Virtual Visit to the Queens Museum

On this virtual tour:

  • Gain insight into what the Queens Museum has to offer this season for visitors
  • Experience a virtual overview of the museum’s newest spring exhibitions
  • Get an in-depth look at the artist inspiration behind Asif Mian’s RAF: Prosthetic Location and Kenneth Tam’s Silent Spikes
  • Explore how each artist conveys complex social issues of masculinity and the Asian American experience, as well as how we recover from violence

Tickets to this talk are just $10. You can gain access to unlimited free virtual events per month and unlock a video archive of 100+ past events as an Untapped New York Insider starting at $10/month. Already an Insider? Register here! Can’t make it live? Register for this virtual talk and we’ll email you a recording of it after it ends!

In this virtual tour, the museum’s curators will virtually guide viewers through two exhibitions: Asif Mian’s RAF: Prosthetic Location and Kenneth Tam’s Silent Spikes. These distinct shows place a spotlight on uncomfortable but relevant topics like healing in the aftermath of violence and constructions of gender, race and value. While inspired by different issues, the artists convey a singular ominous thread that dominated our lives in 2020. During this presentation, the curators will also provide a deeper look into the topics presented by each artist and how they relate to the world around post-1990s development.

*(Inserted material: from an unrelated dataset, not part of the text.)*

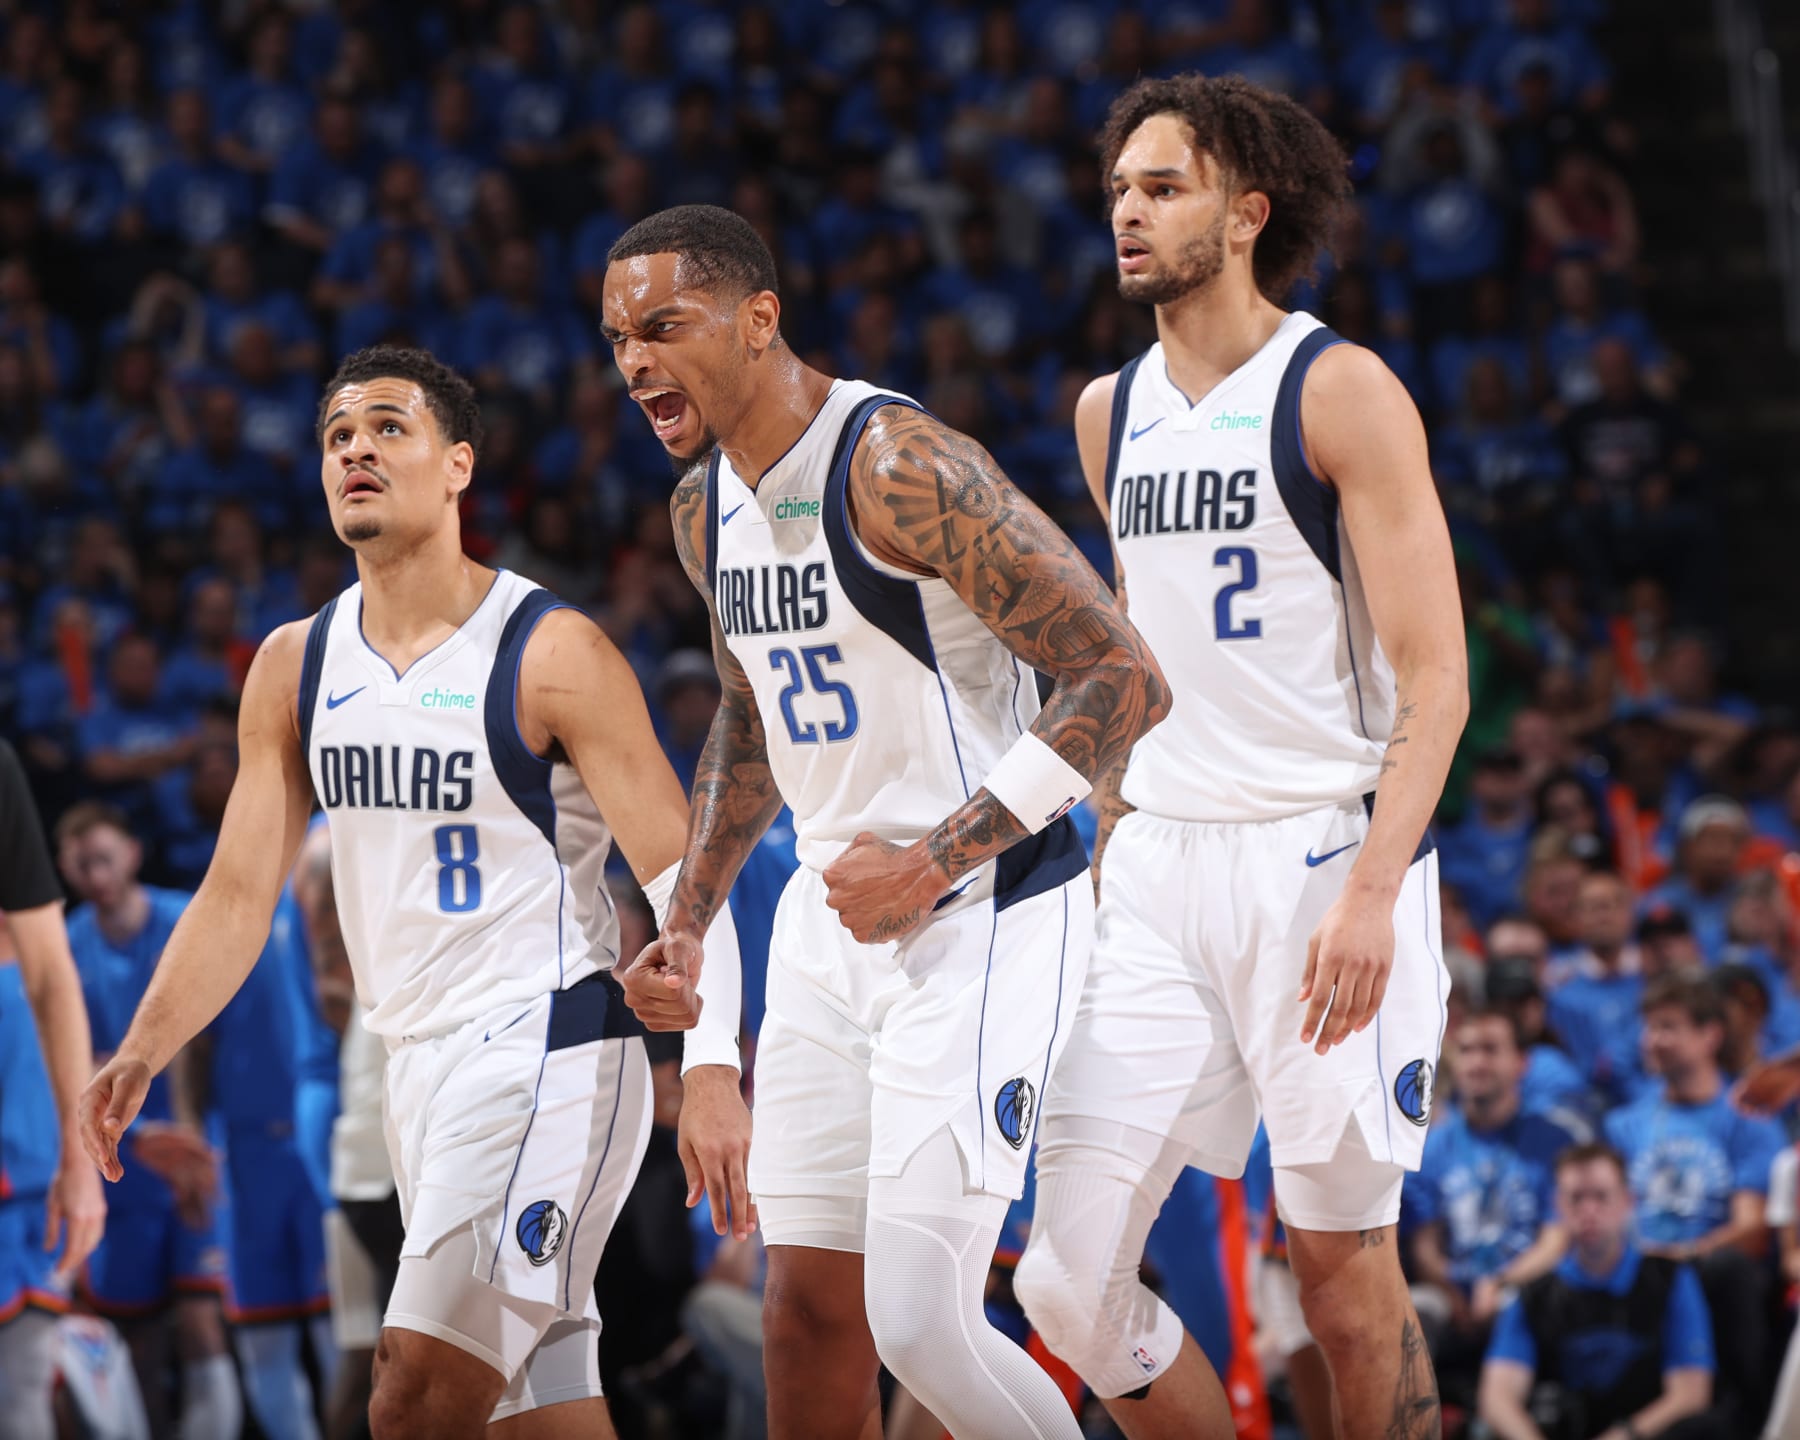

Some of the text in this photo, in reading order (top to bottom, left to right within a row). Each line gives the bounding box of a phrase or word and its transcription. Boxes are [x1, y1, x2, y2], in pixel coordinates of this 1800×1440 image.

A piece from Asif Mian’s RAF: Prosthetic Location, Courtesy of the Queens Museum

This tour will be led by curators Sophia Marisa Lucas and Lindsey Berfond. Sophia Marisa Lucas is an Assistant Curator at the Queens Museum, where she has organized, co-organized, and supported over 20 exhibitions including, Queens International 2018: Volumes (organized with artist Baseera Khan), the eighth iteration of the museum’s biannual exhibition of Queens-based artists, mounted in partnership with the Queens Public Library; QM-Jerome Foundation Fellowship exhibitions by Sable Elyse Smith and Julia Weist (Fall 2017 with Hitomi Iwasaki) and American Artist (Fall 2019); the first major retrospective of Mierle Laderman Ukeles (Fall 2016, assisting Larissa Harris). Current and upcoming exhibitions include newly commissioned projects by Ulrike Muller in collaboration with Amy Zion (with Larissa Harris), Queens Museum-Jerome Fellow Sydney Shen, and Kenneth Tam. Previously, she contributed to exhibitions and programming at The Museum of Modern Art, New York; Museum of Art and Design, New York; The Artist’s Institute, New York; and Slought Foundation, Philadelphia.

Lindsey Berfond is also an Assistant Curator at Queens Museum where she has organized and supported a wide range of exhibitions and public programming with artists, thinkers, cultural producers, and communities. She has co-curated Queens International 2016 (with Hitomi Iwasaki), the seventh iteration of the museum’s biannual exhibition of Queens-based artists, and recently curated QM-Jerome Foundation Fellowship exhibitions by Alexandria Smith and Asif Mian. Berfond earned her BA degree in Art History from New York University and her MA degree from the Center for Curatorial Studies, Bard College. She has contributed to exhibitions and other programming at institutions such as Art in General, NURTUREart, and SculptureCenter.